» **WORK ORDER**: Reprint each record exactly. Pictures are not reprinted.
SUPPLIED DATA section start
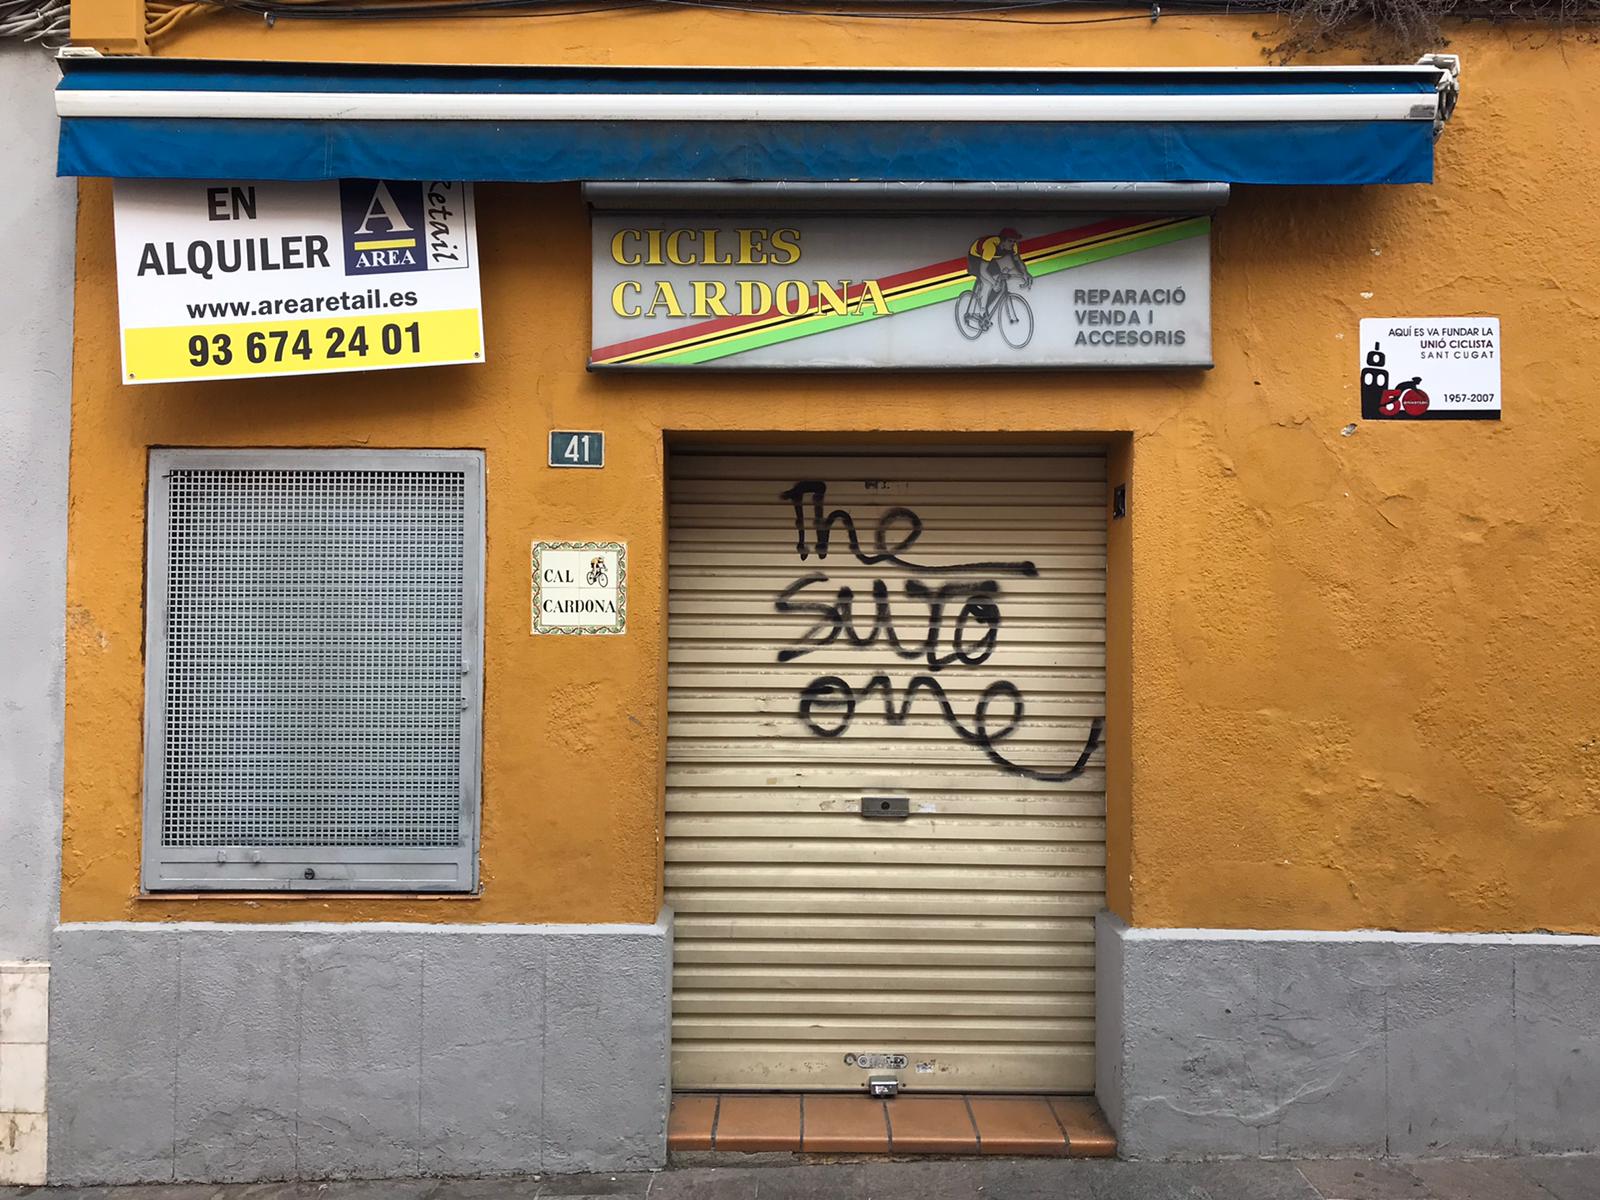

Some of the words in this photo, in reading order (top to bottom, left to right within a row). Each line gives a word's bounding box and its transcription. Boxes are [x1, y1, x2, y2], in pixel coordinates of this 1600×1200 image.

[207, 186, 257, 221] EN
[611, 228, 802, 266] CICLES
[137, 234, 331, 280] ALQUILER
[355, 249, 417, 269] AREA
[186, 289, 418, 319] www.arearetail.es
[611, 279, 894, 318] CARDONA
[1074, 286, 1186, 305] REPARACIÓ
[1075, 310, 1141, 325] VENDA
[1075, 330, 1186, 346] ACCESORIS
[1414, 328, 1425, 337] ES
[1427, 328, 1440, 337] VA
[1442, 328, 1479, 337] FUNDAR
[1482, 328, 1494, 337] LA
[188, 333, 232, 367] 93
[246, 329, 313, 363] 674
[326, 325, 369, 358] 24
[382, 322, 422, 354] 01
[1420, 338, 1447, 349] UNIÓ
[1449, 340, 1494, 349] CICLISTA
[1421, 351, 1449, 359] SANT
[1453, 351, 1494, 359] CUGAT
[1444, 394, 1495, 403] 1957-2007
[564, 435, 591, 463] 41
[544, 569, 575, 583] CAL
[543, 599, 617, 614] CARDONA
SUPPLIED DATA section end
» **SOLUTION BELOW**:
Some of the words in this photo, in reading order (top to bottom, left to right within a row). Each line gives a word's bounding box and its transcription. Boxes are [x1, y1, x2, y2], in pixel coordinates of this 1600×1200 image.

[207, 186, 257, 221] EN
[611, 228, 802, 266] CICLES
[137, 234, 331, 280] ALQUILER
[355, 249, 417, 269] AREA
[186, 289, 418, 319] www.arearetail.es
[611, 279, 894, 318] CARDONA
[1074, 286, 1186, 305] REPARACIÓ
[1075, 310, 1141, 325] VENDA
[1075, 330, 1186, 346] ACCESORIS
[1414, 328, 1425, 337] ES
[1427, 328, 1440, 337] VA
[1442, 328, 1479, 337] FUNDAR
[1482, 328, 1494, 337] LA
[188, 333, 232, 367] 93
[246, 329, 313, 363] 674
[326, 325, 369, 358] 24
[382, 322, 422, 354] 01
[1420, 338, 1447, 349] UNIÓ
[1449, 340, 1494, 349] CICLISTA
[1421, 351, 1449, 359] SANT
[1453, 351, 1494, 359] CUGAT
[1444, 394, 1495, 403] 1957-2007
[564, 435, 591, 463] 41
[544, 569, 575, 583] CAL
[543, 599, 617, 614] CARDONA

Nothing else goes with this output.